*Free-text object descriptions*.
══════════════════════════════

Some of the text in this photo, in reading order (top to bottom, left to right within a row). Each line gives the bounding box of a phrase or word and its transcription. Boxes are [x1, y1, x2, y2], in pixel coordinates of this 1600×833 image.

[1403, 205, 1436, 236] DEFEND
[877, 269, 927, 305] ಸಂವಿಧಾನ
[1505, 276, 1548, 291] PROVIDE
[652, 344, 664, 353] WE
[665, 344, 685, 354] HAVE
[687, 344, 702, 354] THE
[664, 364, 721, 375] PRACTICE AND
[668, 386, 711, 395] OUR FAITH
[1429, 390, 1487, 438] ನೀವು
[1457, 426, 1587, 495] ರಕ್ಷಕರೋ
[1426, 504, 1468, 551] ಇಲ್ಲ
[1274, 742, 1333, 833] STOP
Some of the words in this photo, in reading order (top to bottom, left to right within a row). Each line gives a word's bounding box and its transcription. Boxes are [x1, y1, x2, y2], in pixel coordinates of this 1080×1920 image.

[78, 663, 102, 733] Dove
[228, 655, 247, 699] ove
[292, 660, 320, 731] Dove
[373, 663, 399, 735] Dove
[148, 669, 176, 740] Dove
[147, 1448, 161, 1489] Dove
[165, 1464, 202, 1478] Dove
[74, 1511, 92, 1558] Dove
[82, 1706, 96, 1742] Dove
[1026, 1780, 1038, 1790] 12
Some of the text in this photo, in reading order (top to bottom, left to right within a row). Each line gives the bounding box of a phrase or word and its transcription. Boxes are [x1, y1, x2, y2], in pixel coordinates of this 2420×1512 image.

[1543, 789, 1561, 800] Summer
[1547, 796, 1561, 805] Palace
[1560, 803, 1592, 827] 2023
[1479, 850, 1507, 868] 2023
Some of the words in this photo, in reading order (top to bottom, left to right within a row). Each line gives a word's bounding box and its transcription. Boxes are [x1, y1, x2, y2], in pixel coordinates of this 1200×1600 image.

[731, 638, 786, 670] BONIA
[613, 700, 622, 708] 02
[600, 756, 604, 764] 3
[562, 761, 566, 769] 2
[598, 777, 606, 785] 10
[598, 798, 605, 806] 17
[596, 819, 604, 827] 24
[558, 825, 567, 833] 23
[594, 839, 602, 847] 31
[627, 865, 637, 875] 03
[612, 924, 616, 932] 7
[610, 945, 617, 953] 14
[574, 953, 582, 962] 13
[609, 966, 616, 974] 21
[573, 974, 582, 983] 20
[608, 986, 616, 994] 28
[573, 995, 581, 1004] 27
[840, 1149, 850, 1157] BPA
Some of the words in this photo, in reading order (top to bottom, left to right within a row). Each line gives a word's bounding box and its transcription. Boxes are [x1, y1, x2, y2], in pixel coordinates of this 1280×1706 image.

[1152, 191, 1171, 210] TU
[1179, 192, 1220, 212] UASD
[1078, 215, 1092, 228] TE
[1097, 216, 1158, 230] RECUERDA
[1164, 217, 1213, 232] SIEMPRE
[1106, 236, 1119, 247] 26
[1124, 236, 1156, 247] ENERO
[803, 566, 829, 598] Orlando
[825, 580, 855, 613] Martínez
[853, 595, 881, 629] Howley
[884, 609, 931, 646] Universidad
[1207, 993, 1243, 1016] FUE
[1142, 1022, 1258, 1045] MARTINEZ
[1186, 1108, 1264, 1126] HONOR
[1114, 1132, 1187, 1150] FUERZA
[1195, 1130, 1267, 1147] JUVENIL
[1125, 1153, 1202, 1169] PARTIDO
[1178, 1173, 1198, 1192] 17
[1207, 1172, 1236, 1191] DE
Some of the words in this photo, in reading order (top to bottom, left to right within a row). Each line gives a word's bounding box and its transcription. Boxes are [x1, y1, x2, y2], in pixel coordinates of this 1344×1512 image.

══════════════════════════════

*Your goal*. Each record above needs to be transcribed word for word.

*Output for this exercise*.
Some of the text in this photo, in reading order (top to bottom, left to right within a row). Each line gives the bounding box of a phrase or word and its transcription. Boxes are [x1, y1, x2, y2], in pixel coordinates of this 1600×833 image.

[1403, 205, 1436, 236] DEFEND
[877, 269, 927, 305] ಸಂವಿಧಾನ
[1505, 276, 1548, 291] PROVIDE
[652, 344, 664, 353] WE
[665, 344, 685, 354] HAVE
[687, 344, 702, 354] THE
[664, 364, 721, 375] PRACTICE AND
[668, 386, 711, 395] OUR FAITH
[1429, 390, 1487, 438] ನೀವು
[1457, 426, 1587, 495] ರಕ್ಷಕರೋ
[1426, 504, 1468, 551] ಇಲ್ಲ
[1274, 742, 1333, 833] STOP
Some of the words in this photo, in reading order (top to bottom, left to right within a row). Each line gives a word's bounding box and its transcription. Boxes are [x1, y1, x2, y2], in pixel coordinates of this 1080×1920 image.

[78, 663, 102, 733] Dove
[228, 655, 247, 699] ove
[292, 660, 320, 731] Dove
[373, 663, 399, 735] Dove
[148, 669, 176, 740] Dove
[147, 1448, 161, 1489] Dove
[165, 1464, 202, 1478] Dove
[74, 1511, 92, 1558] Dove
[82, 1706, 96, 1742] Dove
[1026, 1780, 1038, 1790] 12
Some of the text in this photo, in reading order (top to bottom, left to right within a row). Each line gives the bounding box of a phrase or word and its transcription. Boxes are [x1, y1, x2, y2], in pixel coordinates of this 2420×1512 image.

[1543, 789, 1561, 800] Summer
[1547, 796, 1561, 805] Palace
[1560, 803, 1592, 827] 2023
[1479, 850, 1507, 868] 2023
Some of the words in this photo, in reading order (top to bottom, left to right within a row). Each line gives a word's bounding box and its transcription. Boxes are [x1, y1, x2, y2], in pixel coordinates of this 1200×1600 image.

[731, 638, 786, 670] BONIA
[613, 700, 622, 708] 02
[600, 756, 604, 764] 3
[562, 761, 566, 769] 2
[598, 777, 606, 785] 10
[598, 798, 605, 806] 17
[596, 819, 604, 827] 24
[558, 825, 567, 833] 23
[594, 839, 602, 847] 31
[627, 865, 637, 875] 03
[612, 924, 616, 932] 7
[610, 945, 617, 953] 14
[574, 953, 582, 962] 13
[609, 966, 616, 974] 21
[573, 974, 582, 983] 20
[608, 986, 616, 994] 28
[573, 995, 581, 1004] 27
[840, 1149, 850, 1157] BPA
Some of the words in this photo, in reading order (top to bottom, left to right within a row). Each line gives a word's bounding box and its transcription. Boxes are [x1, y1, x2, y2], in pixel coordinates of this 1280×1706 image.

[1152, 191, 1171, 210] TU
[1179, 192, 1220, 212] UASD
[1078, 215, 1092, 228] TE
[1097, 216, 1158, 230] RECUERDA
[1164, 217, 1213, 232] SIEMPRE
[1106, 236, 1119, 247] 26
[1124, 236, 1156, 247] ENERO
[803, 566, 829, 598] Orlando
[825, 580, 855, 613] Martínez
[853, 595, 881, 629] Howley
[884, 609, 931, 646] Universidad
[1207, 993, 1243, 1016] FUE
[1142, 1022, 1258, 1045] MARTINEZ
[1186, 1108, 1264, 1126] HONOR
[1114, 1132, 1187, 1150] FUERZA
[1195, 1130, 1267, 1147] JUVENIL
[1125, 1153, 1202, 1169] PARTIDO
[1178, 1173, 1198, 1192] 17
[1207, 1172, 1236, 1191] DE
Some of the words in this photo, in reading order (top to bottom, left to right within a row). Each line gives a word's bounding box and its transcription. Boxes are [x1, y1, x2, y2], in pixel coordinates of this 1344×1512 image.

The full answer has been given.